35For the reasons stated above, I find on a balance of probabilities the treatment plan for a Phonak Roger system to be reasonable and necessary.
Is the applicant entitled to a trial/demonstration of a Phonak Roger system proposed by MedEar?
36I find that the applicant has not demonstrated, on a balance of probabilities, that the treatment plan for a trial/demonstration of a Phonak Roger system is reasonable and necessary as a result of the accident.
37The applicant made submissions that the cost to trial the system prior to purchase, along with training on its use, amounts to $1,898.40. The applicant made further submissions that had the plan proposing the system been approved by the respondent at the outset, the cost to trial/demonstrate the system would have been deducted from the purchase cost.
38The respondent made submissions that the system itself is not reasonable and necessary and made further arguments that if the Tribunal were to find that the system itself is found to be reasonable and necessary, the amount of the trial/demonstration cost should be deducted from the cost of the system.
39The OCF-18 for the trial/demonstration of the Phonak Roger system lists the goals of the plan as follows: treat bilateral hearing loss and improve signal to background noise in challenging acoustic environments with a functional goal of a return to activities of normal living. The cost of the plan includes $200.00 for completing the OCF-18 form, $148.40 for mileage to travel to the applicant’s house to perform auditory rehabilitation, $400.00 towards provider travel time to the applicant’s house, $750.00 to demonstrate the system and trial the devices, and $400.00 for training on the devices, for a total of $1,898.40.

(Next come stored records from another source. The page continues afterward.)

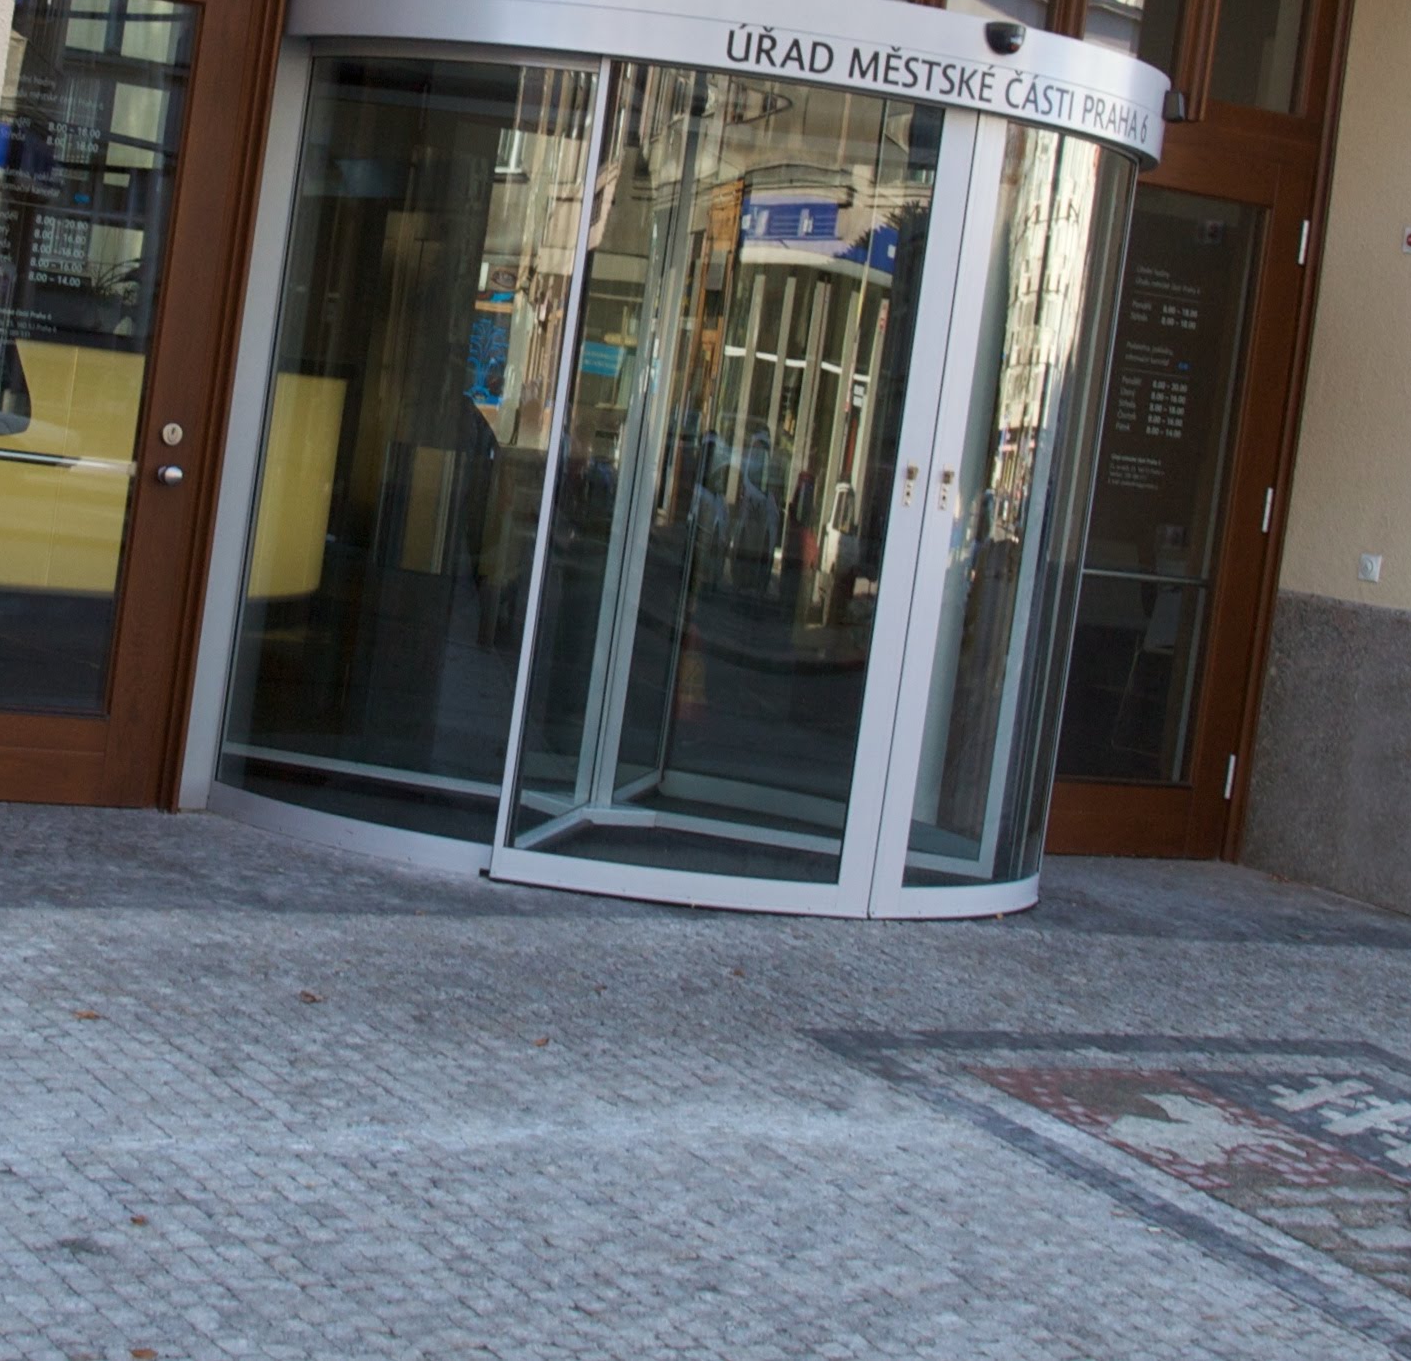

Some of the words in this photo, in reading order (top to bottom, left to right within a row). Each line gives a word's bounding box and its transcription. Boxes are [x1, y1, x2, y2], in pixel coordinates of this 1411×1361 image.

[726, 23, 835, 74] ÚŘAD
[847, 45, 995, 104] MĚSTSKÉ
[1005, 70, 1075, 120] ČÁSTI
[1082, 93, 1139, 140] PRAHA
[1140, 113, 1149, 145] 6
[48, 121, 68, 134] 8.00
[36, 214, 56, 227] 8.00
[34, 227, 53, 240] 8.00
[32, 242, 51, 255] 8.00
[30, 256, 49, 269] 8.00
[28, 270, 48, 283] 8.00
[57, 275, 81, 288] 14.00
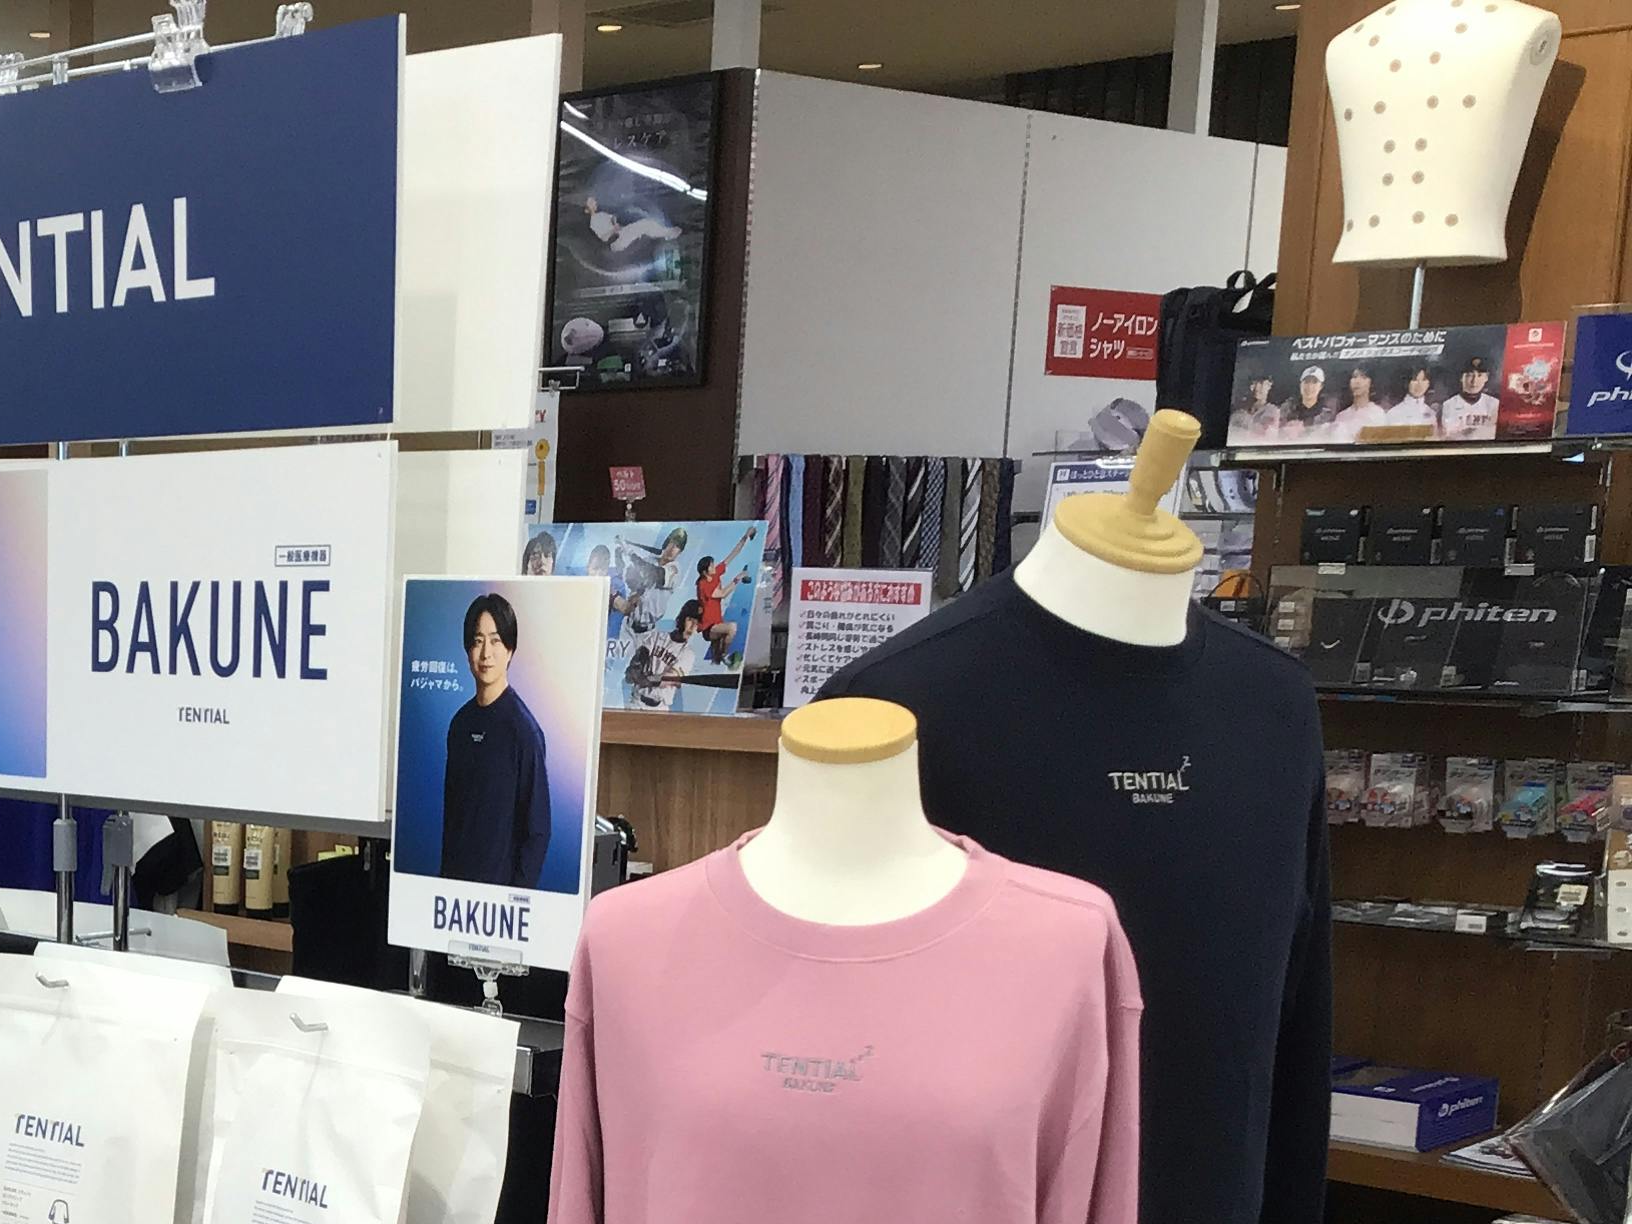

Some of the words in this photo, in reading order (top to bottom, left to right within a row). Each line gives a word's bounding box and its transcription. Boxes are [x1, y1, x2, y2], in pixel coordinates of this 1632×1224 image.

[1091, 312, 1158, 336] ノーアイロン
[1089, 337, 1125, 360] シャツ
[1291, 330, 1447, 350] ベストパフォーマンスのために
[1418, 602, 1558, 628] phiten
[91, 579, 330, 681] BAKUNE
[178, 707, 230, 724] TENTIAL
[1108, 769, 1190, 791] TENTIAL
[434, 894, 531, 942] BAKUNE
[761, 1051, 863, 1082] TENTIAL
[14, 1113, 85, 1148] TENTIAL
[261, 1168, 329, 1210] TENTIAL

40The applicant has not made submissions specific to the cost of a trial and demonstration of the Phonak Roger system. Without such submissions, the Tribunal cannot assess whether the proposed cost is reasonable under the circumstances. It is notable that the applicant indicated in his submissions that the cost of a trial and demonstration would have been deductible from the cost of the system if it was approved at the time of submission of the treatment plan but otherwise does not address the issue of cost.

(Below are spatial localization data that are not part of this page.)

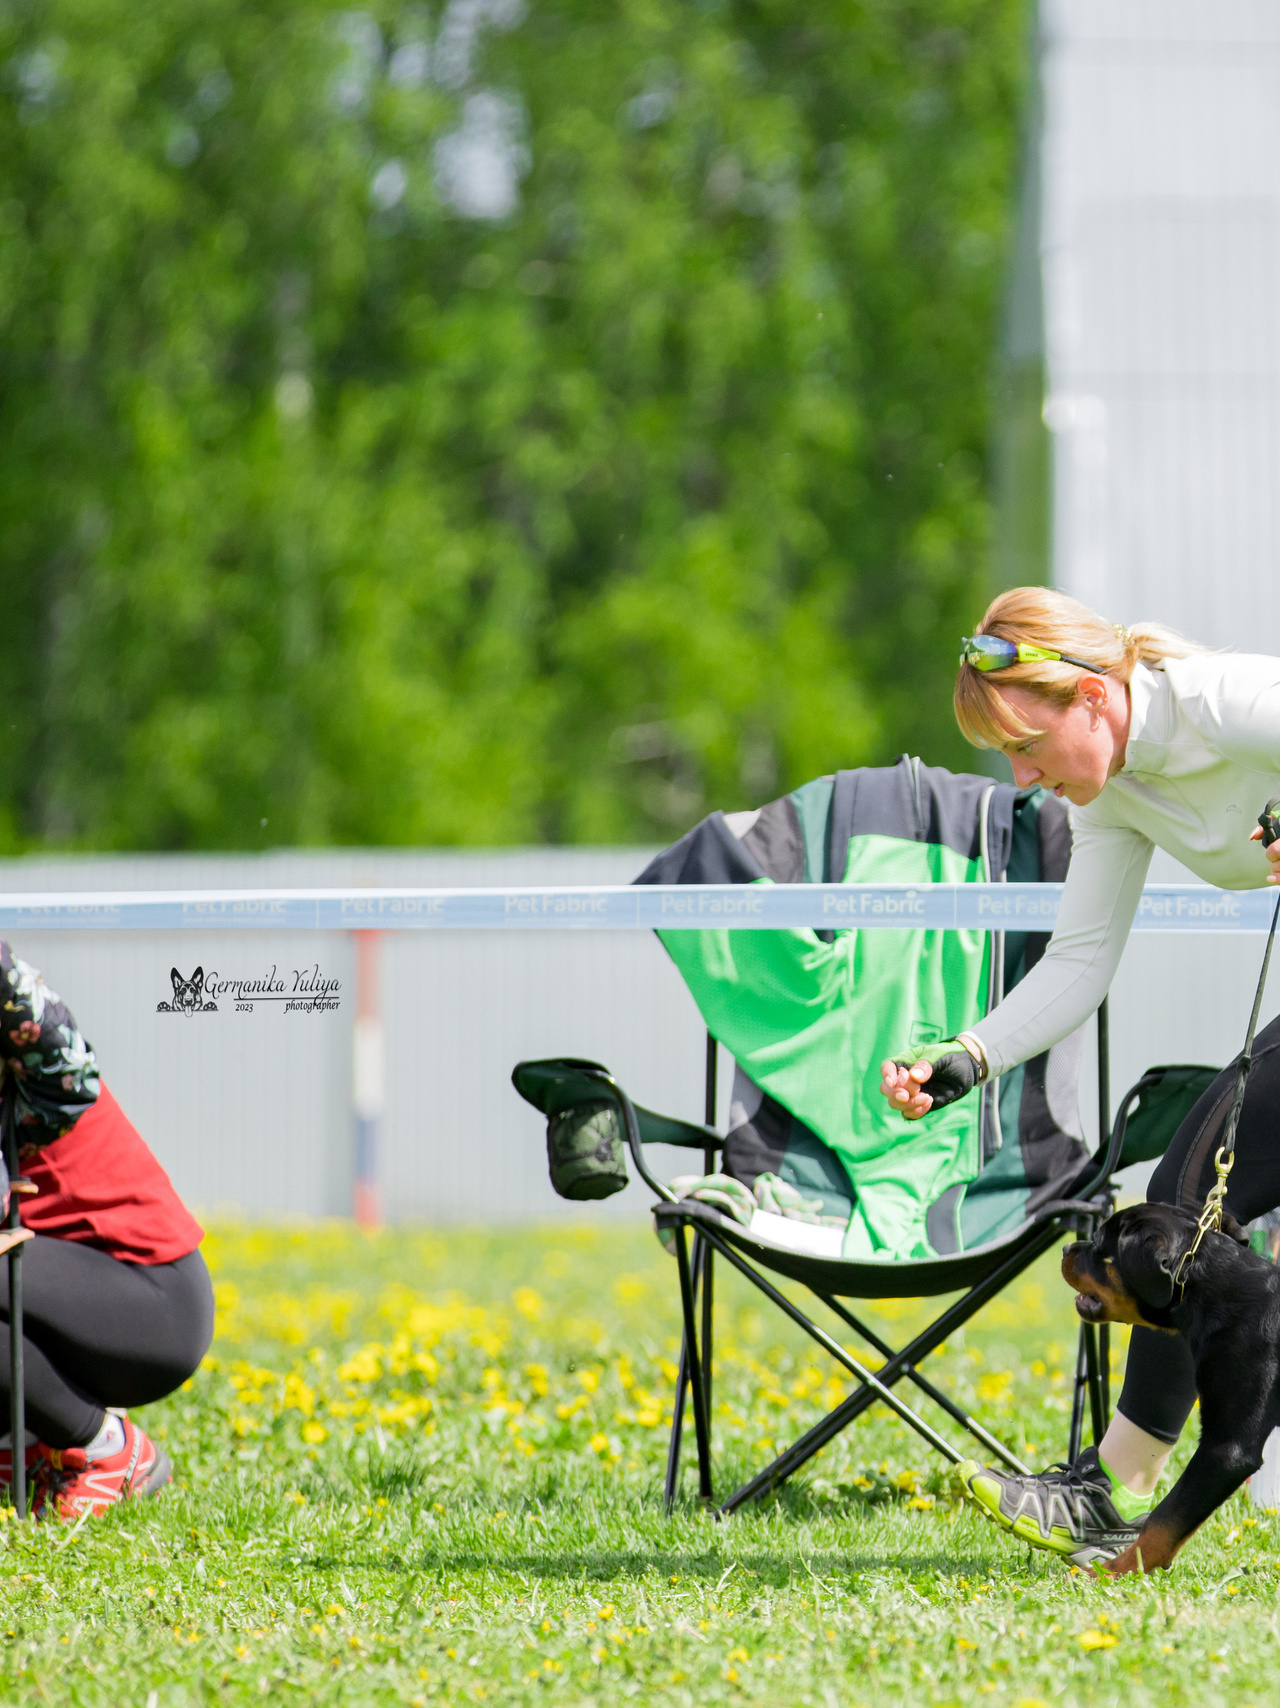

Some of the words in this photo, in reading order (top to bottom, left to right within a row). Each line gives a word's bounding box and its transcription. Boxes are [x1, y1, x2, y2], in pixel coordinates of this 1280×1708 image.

[823, 893, 857, 914] Pet
[860, 890, 925, 914] Fabric
[1015, 894, 1061, 915] Fabr
[1138, 896, 1173, 917] Pet
[1176, 894, 1242, 917] Fabric
[1101, 1533, 1140, 1541] SALOM

41Since the onus is on the applicant to discharge his burden of proof to demonstrate whether a treatment plan is reasonable and necessary, I find the applicant has not met his burden on this treatment plan.
42The applicant has not demonstrated, on a balance of probabilities, that the trial/demonstration of the Phonak Roger system is reasonable and necessary.
Interest
43Interest applies on the payment of any overdue benefits pursuant to s. 51 of the Schedule. As I have found that some of the disputed treatment plans as indicated above, are overdue, interest applies to those plans in accordance with s.51 of the Schedule.
ORDER
44The Order of the Tribunal is as follows:
i. The applicant is entitled to a laptop and related accessories proposed by DMA Rehability, plus interest.
ii. The applicant is entitled to an iPhone, iPad, keyboard and stand proposed by DMA Rehability, plus interest.
iii. The applicant is entitled to a Phonak Roger system proposed by MedEar, plus interest.
iv. The applicant is not entitled to a trial/demonstration of a Phonak Roger system proposed by MedEar.